Task –
Reproduce the records word for word, leaving out any pictures they hold.

Material provided –
# # # #

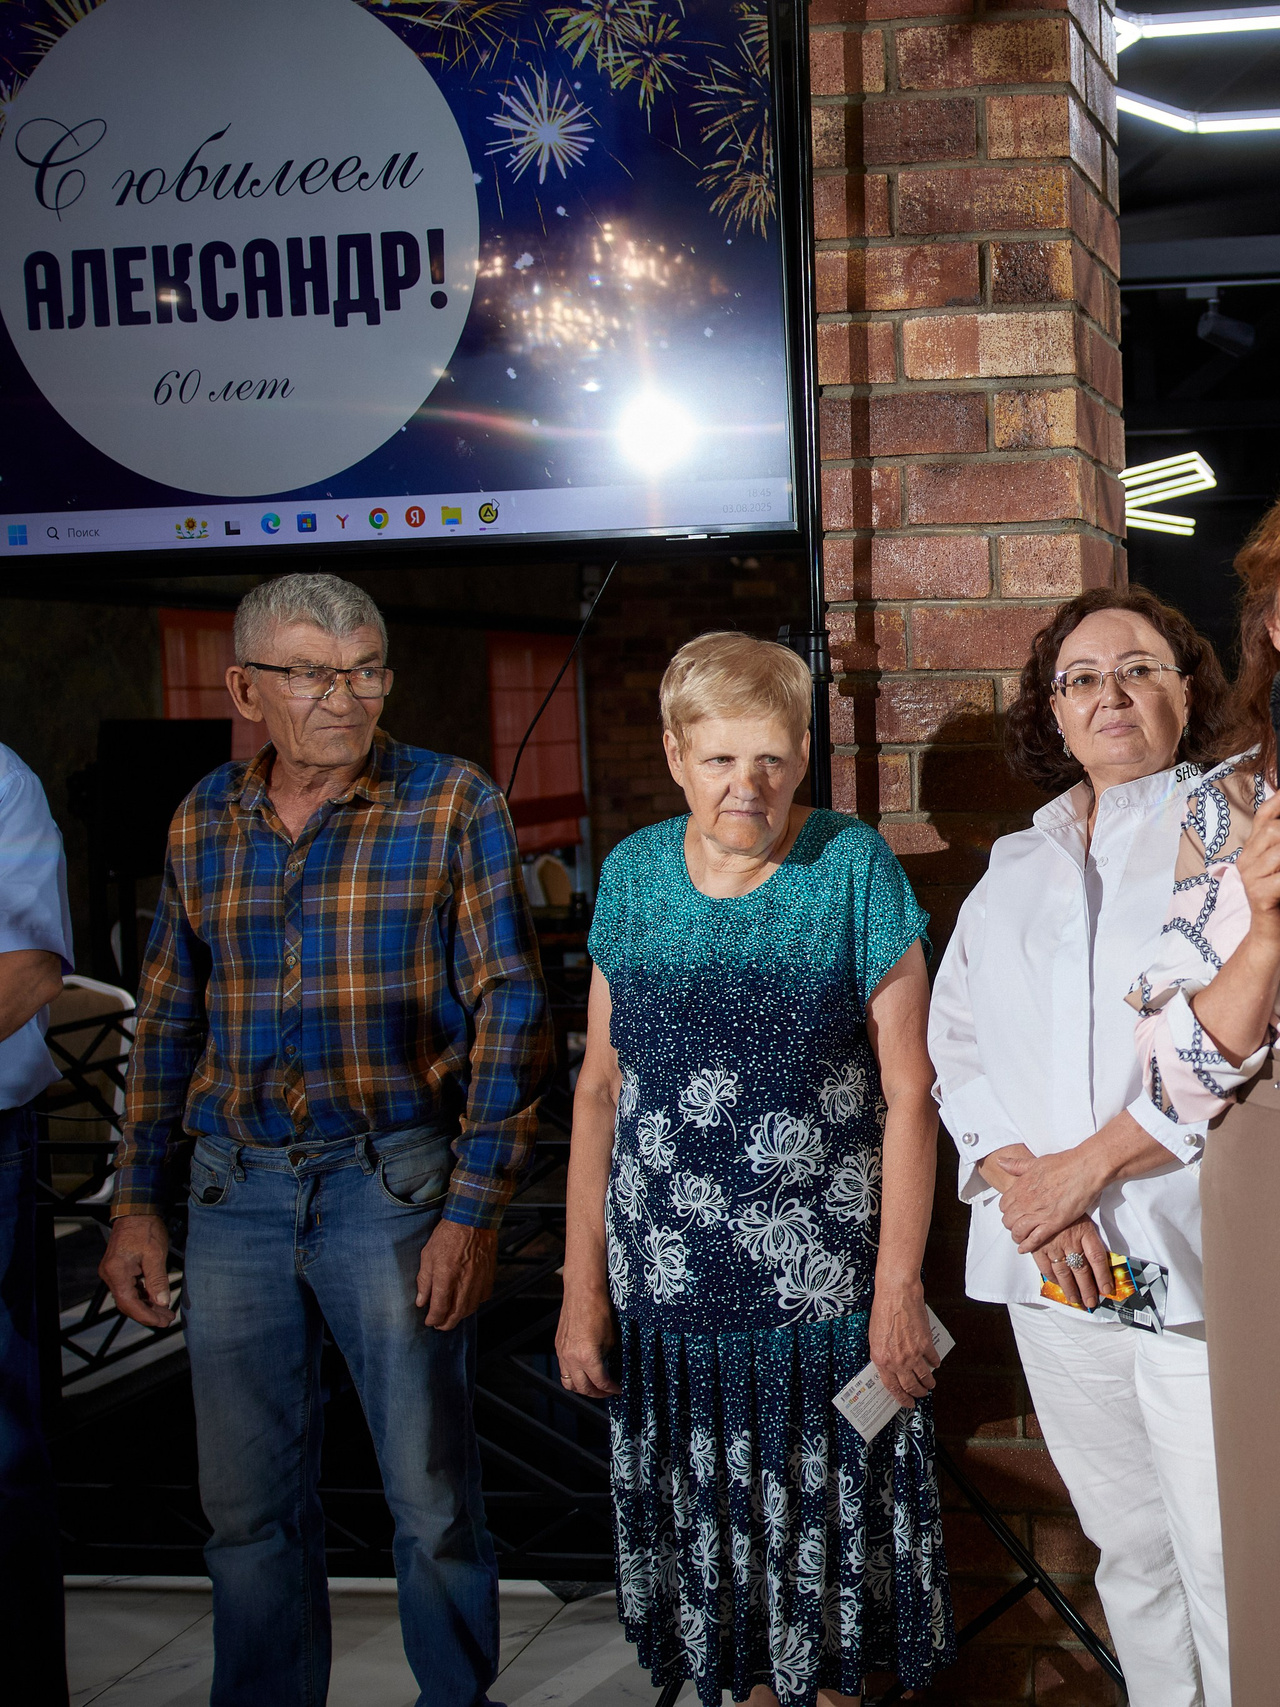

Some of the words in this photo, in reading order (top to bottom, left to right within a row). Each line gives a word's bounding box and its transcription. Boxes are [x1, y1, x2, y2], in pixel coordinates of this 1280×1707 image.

[15, 117, 107, 222] С
[111, 122, 424, 207] юбилеем
[23, 228, 449, 331] АЛЕКСАНДР!
[153, 368, 202, 406] 60
[208, 377, 295, 403] лет
[722, 502, 772, 514] 03.08.2025
[67, 527, 101, 538] Поиск

# # # #

Response to this exercise –
Some of the words in this photo, in reading order (top to bottom, left to right within a row). Each line gives a word's bounding box and its transcription. Boxes are [x1, y1, x2, y2], in pixel coordinates of this 1280×1707 image.

[15, 117, 107, 222] С
[111, 122, 424, 207] юбилеем
[23, 228, 449, 331] АЛЕКСАНДР!
[153, 368, 202, 406] 60
[208, 377, 295, 403] лет
[722, 502, 772, 514] 03.08.2025
[67, 527, 101, 538] Поиск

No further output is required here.